More than three dozen inmates were released from hospitals Sunday after being involved in a racially motivated riot that badly damaged a Southern California prison and forced the lockdown of nine others.
The riot that erupted Saturday night sent 55 prisoners to the hospital and injured more than 250 inmates in all, officials said. Thirty-eight inmates were treated and were expected to return to the California Institution for Men in Chino, east of Los Angeles, by late Sunday, said Department of Corrections and Rehabilitation spokesman George Kostyrko, The Associated Press reports.
No prison employees were injured, no deaths were reported, and no inmates escaped, state officials said. But one housing unit was virtually destroyed by fire, said a spokesman, Lieutenant Mark Hargrove.
The other housing areas were so badly damaged that they were uninhabitable, he said, so some inmates were being temporarily housed in tents while others were sent to alternate prisons, The Boston Globe reports.

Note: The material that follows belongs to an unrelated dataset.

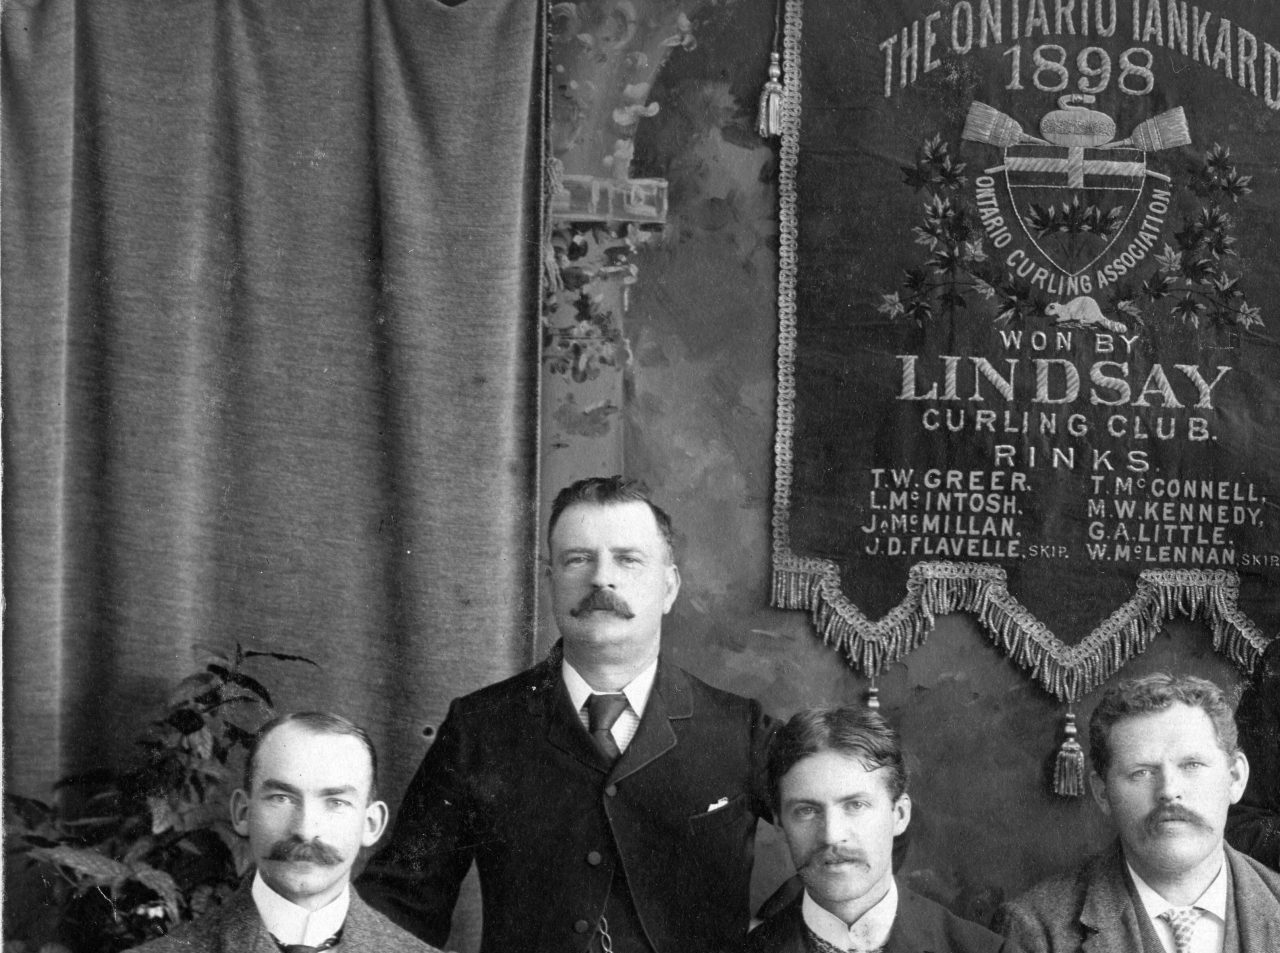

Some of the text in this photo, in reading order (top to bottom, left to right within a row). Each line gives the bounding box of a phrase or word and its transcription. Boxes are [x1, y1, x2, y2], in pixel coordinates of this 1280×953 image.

Meanwhile, this disturbance was the prison's most violent since a December 2006 uprising, in which 200 inmates rioted for 90 minutes. That racially charged incident was touched off by a fight between a Latino and an African-American, Xinhua reports.
The prison spokesman said officers had used batons, pepper spray and unspecified "lethal force options" to bring the housing units under control by 0700 on Sunday, BBC News reports.